Cancer is a leading cause of death worldwide, causing nearly 10 million (or nearly one in six) deaths in 2020 [1]. Early detection of cancer and timely and correct diagnosis and treatment can gain valuable treatment time for cancer patients, increase the cure rate of patients, and reduce the death rate of cancer.

Currently, diagnostic methods for cancer prediction include manual diagnosis, statistical diagnosis and machine learning diagnosis. Manual diagnosis has the disadvantages of low accuracy, long time, and more reliance on the experience of the diagnosing doctor, while statistical methods also have the problems of incomplete datasets and insufficient number of comparative databases. Machine learning maximizes diagnostic efficiency and accuracy compared to the first two methods. There are a lot of studies showed that machine learning methods can dramatically improve accuracy at about 15-25% when compared to traditional cancer diagnostic methods, and at a more fundamental level, machine learning can also help with our understanding of how cancer develop and progress [2]. More often than not, we see cancer diagnosis by combining statistical methods with machine learning methods, and in Xiangchun Xiong et al.’s report, data mining and statistical techniques were used to analyze breast cancer to achieve improved diagnostic accuracy, which can be achieved in a short period of time [3]. Of course, statistical methods are better at analyzing the overall situation, and James Ted McDonald et al. used the linked Census-Cancer Registry administrative database to statistically analyze cancer diagnoses to get the overall results confirming the existence of the healthy immigrant effect of cancer [4]. Mimic the human learning process through data- and algorithm-based judgments, machine learning is more superior than other methods, it can improve the cognitive ability of things through the corresponding methods, so that it can get more accurate results in a certain number of training, so that it can complete the diagnosis of cancerous parts of cancer patients in the shortest possible time, saving a lot of human and material resources. In the shortest time, it can provide doctors with the most accurate results, so that patients can get accurate treatment as soon as possible, and reduce the adverse consequences of cancer to cancer patients.

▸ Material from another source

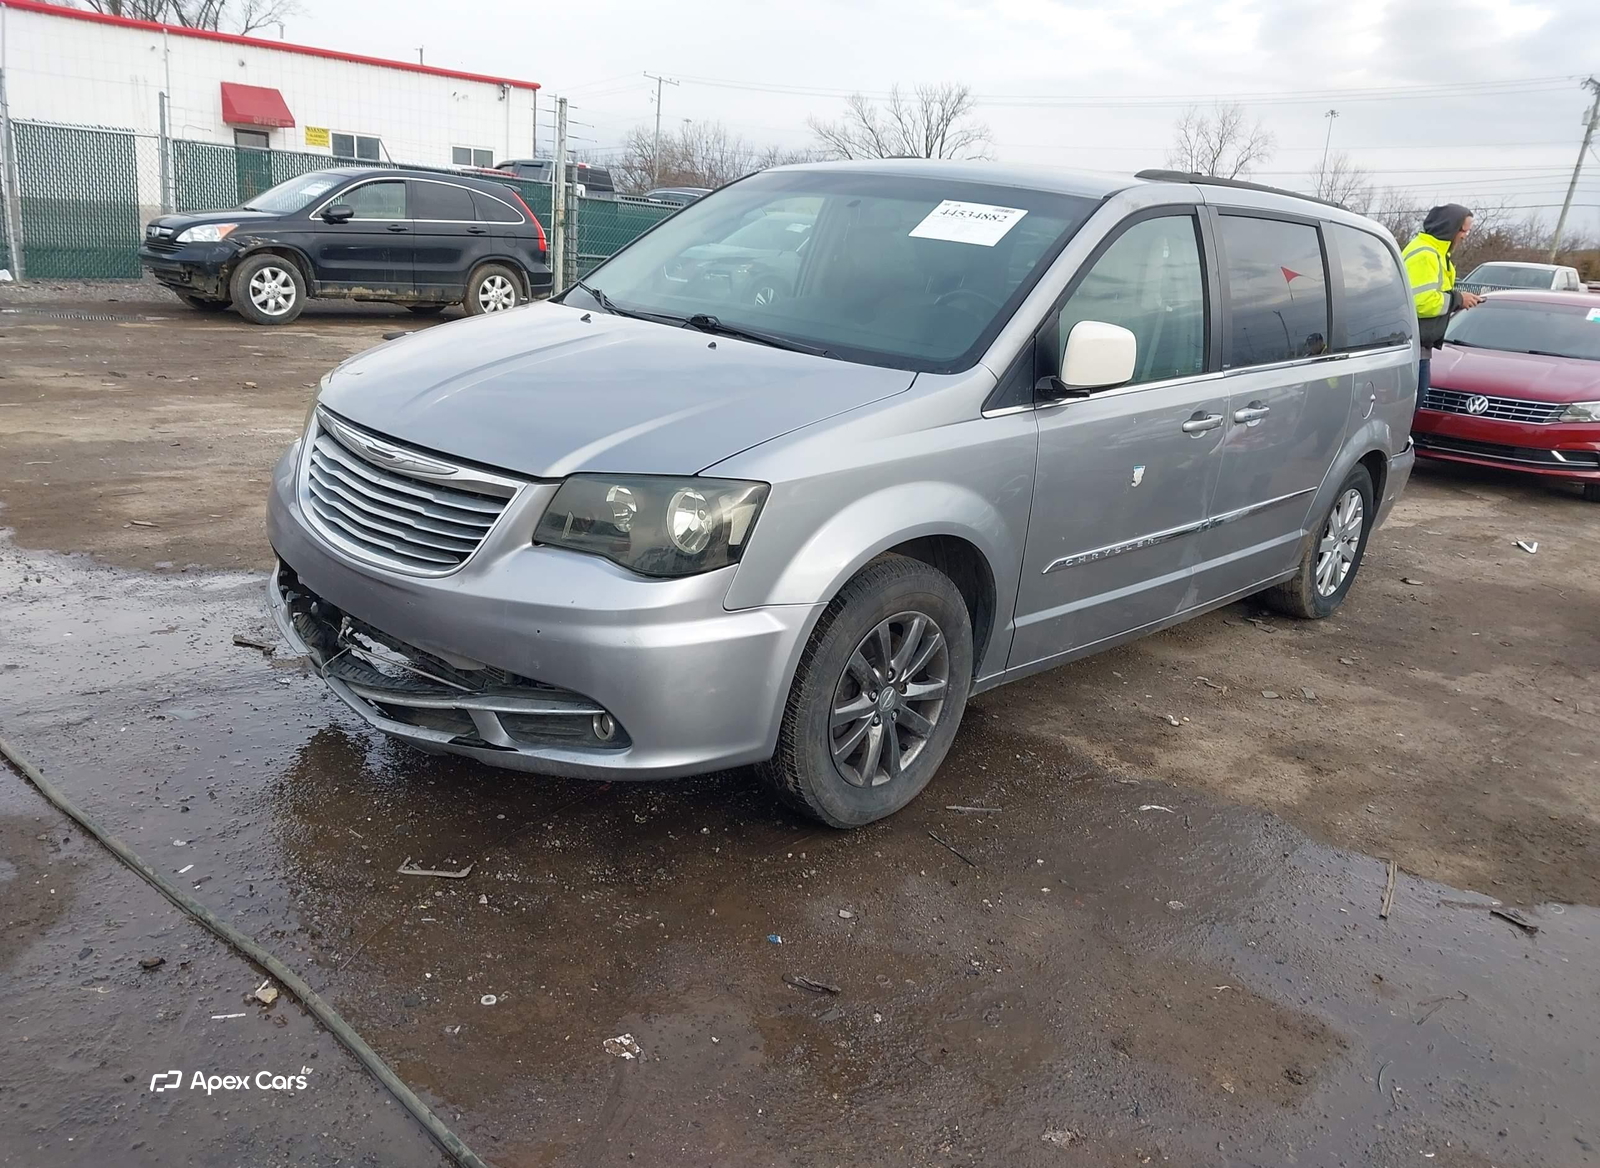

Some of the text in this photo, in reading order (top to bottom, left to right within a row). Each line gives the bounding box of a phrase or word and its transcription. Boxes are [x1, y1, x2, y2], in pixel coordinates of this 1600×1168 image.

[253, 116, 279, 126] OFFICE
[940, 209, 1008, 222] 44534882
[1065, 538, 1154, 566] CHRYSLER

In this article, we focus on the contribution of machine learning in cancer diagnosis. We first introduced the basic definition of machine learning and the importance of machine learning in cancer diagnosis. Then, we specifically analyzed different cancers, mainly introducing the contribution of applying machine learning methods to cancer prediction, diagnosis and prognosis in breast cancer, prostate cancer and oral cancer.

2. Diagnostic Method

2.1. The basic definition of machine learning

Machine Learning is part of Artificial Intelligence and Computer Science which imitate the way our human learn by focusing on using data and algorithms, incrementally improving their own accuracy. Machine learning methods are generally categorized into three types, supervised learning, unsupervised learning and reinforcement learning, which are classified based on the expected outcome of the algorithm [5].

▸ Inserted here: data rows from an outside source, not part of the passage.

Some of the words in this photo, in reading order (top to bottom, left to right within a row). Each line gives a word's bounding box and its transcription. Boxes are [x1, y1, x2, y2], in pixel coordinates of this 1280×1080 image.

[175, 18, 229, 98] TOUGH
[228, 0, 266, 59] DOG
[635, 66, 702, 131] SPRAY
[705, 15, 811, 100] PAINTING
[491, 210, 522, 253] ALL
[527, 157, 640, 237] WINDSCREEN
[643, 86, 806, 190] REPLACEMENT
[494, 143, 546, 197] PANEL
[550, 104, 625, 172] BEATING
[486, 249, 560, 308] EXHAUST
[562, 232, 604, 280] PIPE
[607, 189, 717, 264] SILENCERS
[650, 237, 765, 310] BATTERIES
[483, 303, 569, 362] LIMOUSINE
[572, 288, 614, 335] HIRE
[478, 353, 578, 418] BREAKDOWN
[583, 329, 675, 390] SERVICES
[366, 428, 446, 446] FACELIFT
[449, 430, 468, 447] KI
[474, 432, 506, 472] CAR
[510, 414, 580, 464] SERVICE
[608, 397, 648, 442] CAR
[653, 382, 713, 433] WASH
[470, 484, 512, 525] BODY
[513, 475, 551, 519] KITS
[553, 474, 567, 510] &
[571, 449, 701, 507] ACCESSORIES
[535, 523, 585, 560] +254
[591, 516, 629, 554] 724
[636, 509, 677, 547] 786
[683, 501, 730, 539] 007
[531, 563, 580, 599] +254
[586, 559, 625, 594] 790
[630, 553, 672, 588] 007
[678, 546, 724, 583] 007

The history of machine learning dates back to 1959, Arthur Samuel, an employee created the word machine learning and become a leader in artificial intelligence and computer games [5]. The mainly cause of death worldwide is cancer [6]. Everyone is facing with the challenge of fighting against cancer [6]. According to the survey, there are about 96,480 people expected to die from skin cancer, for lung cancer are 142,670 people, for breast cancer are 42,260 people, for prostate cancer are 31,620 people, and for brain cancer are 17,760 people [6]. Every year, countless patients die of advanced cancer, and the earlier detection of cancer, the larger possibilities to save lives, but the detection of early cancer by human labor is time consuming and inaccurate results, therefore, we want to find a practical way to find diagnosis as well as evaluation of cancer, and machine learning methods have thus entered into the vision of various researchers. By using machine learning methods to diagnosis cancer for the first time was at the end of the 20th century, the same things happened to using the artificial neural network (ANN) methods and to using decision tree (DT) methods [7], since then, the application of machine learning is more extensive. Nowadays, through the application of machine learning methods, we can basically realize the diagnostic assessment of cancer for prediction and prognosis [7]. In this paper, we will introduce the prediction, diagnosis, evaluation and analysis of different types of cancer using different machine models and machine learning methods.

2.2. Diagnosing specific cancers through machine learning methods

2.2.1. Breast cancer. Breast cancer is becoming the biggest culprit in female mortality, which is caused by a variety of clinical, lifestyle, social, and economic variables [7], and early detection of breast cancer and its intervention can reduce mortality, and through machine learning tools, we can predict and diagnose breast cancer more accurately. Breast cancer detection uses mammograms, ultrasound, biopsy, and machine learning methods tests to find out if the disease is present [8]. Existing ways to diagnose the presence of breast cancer using machine learning are mitosis-focused detection, transcriptomics analysis and mammogram image analysis for different detection methods will be used for different machine learning methods for their diagnosis.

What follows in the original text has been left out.